Emiliano Sala would have died from inhaling carbon monoxide before the plane falls in the English ChannelAugust 14, 2019
On January 21 Emiliano Sala He was flying to Cardiff to join his new team after saying goodbye to his former Nantes teammates. On the way, the plane fell into the English Channel and so far the autopsy had determined that his death had been due to the impact of the crash.
The British Air Accident Investigation Division (AAIB) determined that the cockpit of the Piper Malibu plane in which Emiliano Sala was traveling was filled with carbon monoxide before falling to the bottom of the English Channel.
The Piper Malibu plane in which Emiliano Sala was traveling at the bottom of the English Channel. (Photo: AFP).
It is estimated that an engine failure or a badly sealed aircraft allowed the entry of this molecule that, breathed at high levels, can be mortal.
"This Special Bulletin contains relevant medical information with respect to the accident to highlight the implications and (to inform) the aviation community in general, "the report of the British agency begins.
Toxicological tests indicate that the Cardiff striker was exposed to such a high amount of gas that this could have caused him a heart attack or having left it unconscious before impact on water.
The first sheet of the AAIB report.
"From the symptoms, it is clear that exposure to CO (carbon monoxide) can reduce or inhibit the flight capacity of the pilot of the aircraft depending on the level of that exposure," says the letter implying that the pilot would have suffered the effects of gas.
On February 7, the lifeless body of the soccer player was found. (Photo: AP / Steve Parsons).

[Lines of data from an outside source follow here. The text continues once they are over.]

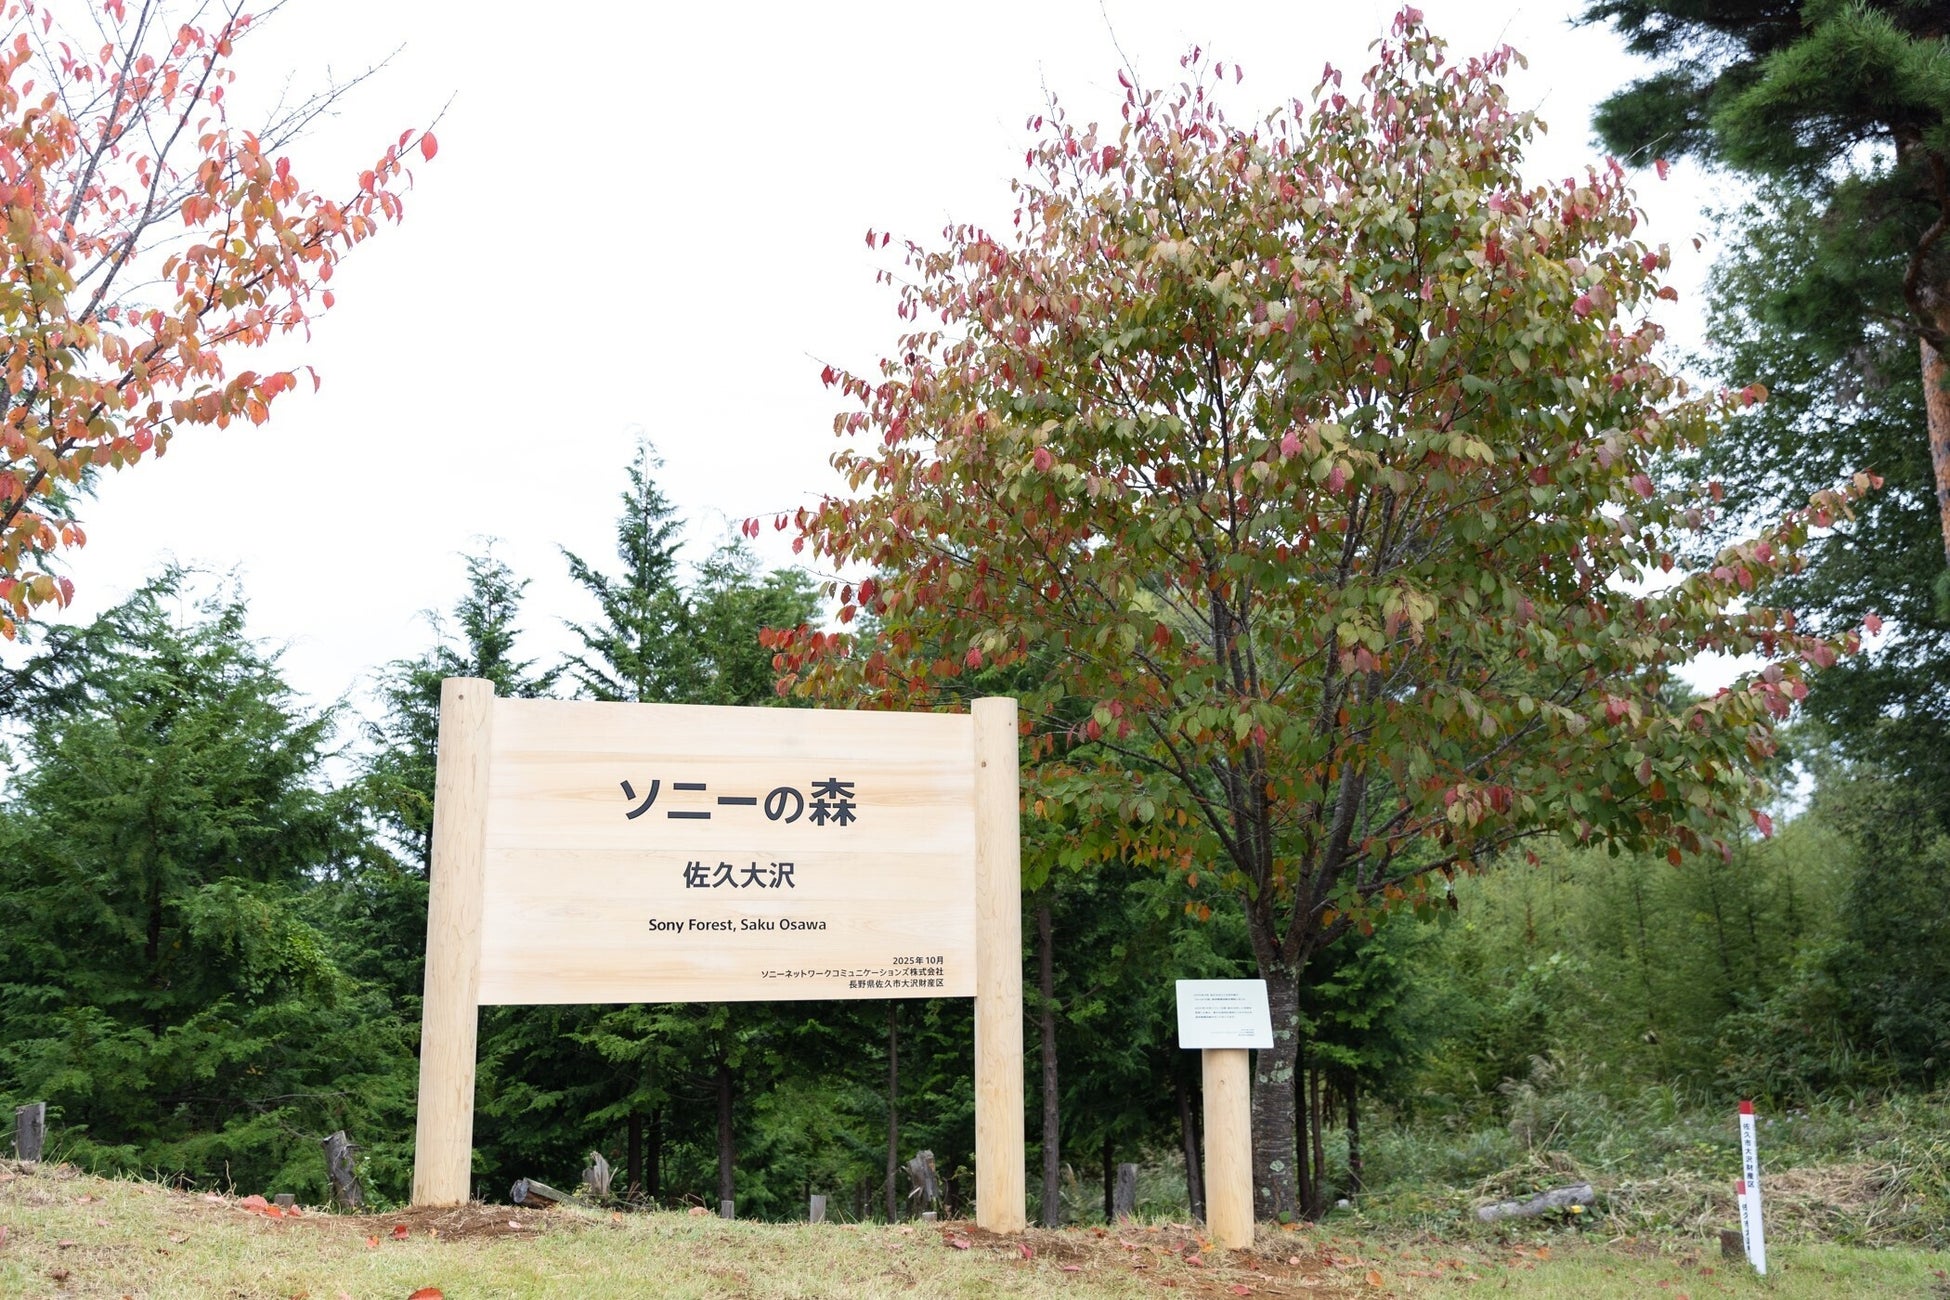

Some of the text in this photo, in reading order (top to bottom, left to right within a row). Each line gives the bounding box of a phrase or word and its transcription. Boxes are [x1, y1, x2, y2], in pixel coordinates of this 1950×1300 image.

[620, 777, 857, 827] ソニーの森
[683, 861, 796, 889] 佐久大沢
[648, 918, 827, 933] Sony Forest, Saku Osawa
[761, 967, 944, 979] ソニーネットワークコミュニケーションズ株式会社
[849, 978, 944, 989] 長野県佐久市大沢財産区

It is clear that the body of Dave Ibbotson, pilot of the aircraft, was never found and, in the first instance, he stopped looking for himself at the request of his relatives. "We prefer that his remains rest in the water," his wife had declared. Then, a collection was organized to continue the search, which did not give positive results.
"Passenger blood toxicology tests showed a carboxyhemoglobin (COHb) at the saturation level of the 58%, product of the combination of carbon monoxide (CO) with hemoglobin, the molecule of the protein that carries the oxygen located in the red blood cells, "notes the AAIB report on Emiliano Sala. In addition, the report indicates that if that saturation level exceeds 50% it can cause seizures, unconsciousness and even a heart attack.
In closing the report, the AAIB ensures that "He is working with the aircraft and engine manufacturers to identify how CO could enter the aircraft cabin". In addition, they point out that also "They will investigate the human factors that could have contributed to the accident."